Entrance Poll
'Field and Adelaide, mouse and bat mates, volunteer to run a rural polling place on a tumultuous Election Day. As the crowd dwindles and the clock winds down, they take an entrance poll to alleviate the pressure.'
I'm not sure if anyone has written a furry erotica about the importance of voting before. If not, they have now! I've had this story bubbling for a few years, and bits and pieces would come together, but I finally got the necessary tailwind to finish it.
"Field, if you open that door one more time ... "
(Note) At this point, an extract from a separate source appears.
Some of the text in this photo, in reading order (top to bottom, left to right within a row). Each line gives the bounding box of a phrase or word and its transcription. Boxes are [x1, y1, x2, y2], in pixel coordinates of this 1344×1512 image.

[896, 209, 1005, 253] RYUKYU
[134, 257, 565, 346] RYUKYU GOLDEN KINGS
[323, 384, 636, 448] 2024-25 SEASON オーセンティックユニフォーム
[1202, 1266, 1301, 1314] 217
The harvest mouse, peering into the dark November chill, re-adjusted his muzzle mask and called over his shoulder, "I thought I heard something!" Like a car, maybe? Like crusaders for democracy, maybe? Like--
"It's the wind," Adelaide said, setting a bucket of cleaning supplies beneath the sign-in table. "Probably blew something over." The pink bat had disinfected all the usable surfaces in the gathering space. She took her own mask off, tossing it atop her purse.
"How do you know?" Field asked.
"I've got big ears, too." The bat's sonar-capable scoops tilted for show. "Now, close it! It's freezing ... and you aren't wearing a tail-sock."
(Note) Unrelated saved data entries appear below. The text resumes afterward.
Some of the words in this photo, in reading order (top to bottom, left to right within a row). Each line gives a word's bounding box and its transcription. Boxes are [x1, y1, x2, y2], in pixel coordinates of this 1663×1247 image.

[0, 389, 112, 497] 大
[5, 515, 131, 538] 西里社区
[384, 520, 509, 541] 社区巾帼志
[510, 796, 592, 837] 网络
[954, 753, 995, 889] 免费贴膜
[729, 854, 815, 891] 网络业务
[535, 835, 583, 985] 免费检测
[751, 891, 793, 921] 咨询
Field sighed dramatically and shut the door, meandering back to the sign-in table.
"On the news this morning, Fib the Weathermouse said we might get some stray flurries overnight," Adelaide mentioned.
"Hell's finally frozen over," Field said plainly. "Took long enough."
Adelaide, not answering, sat back down, big, bendy thumbs gripping a used book. The cover was frayed in the corners, and there was a scratch across the back. As a librarian, she got to keep anything old or damaged enough to be deemed 'out of circulation.'
This one, 'A Deadly Éclair,' was a 'cozy mystery' about a small-town, coastal baker, an otter, who solved crimes on the side. Part of a series. 'Cozies' were fluffy reads, style over substance. The appeal was in the characters and the quaint, atmospheric settings.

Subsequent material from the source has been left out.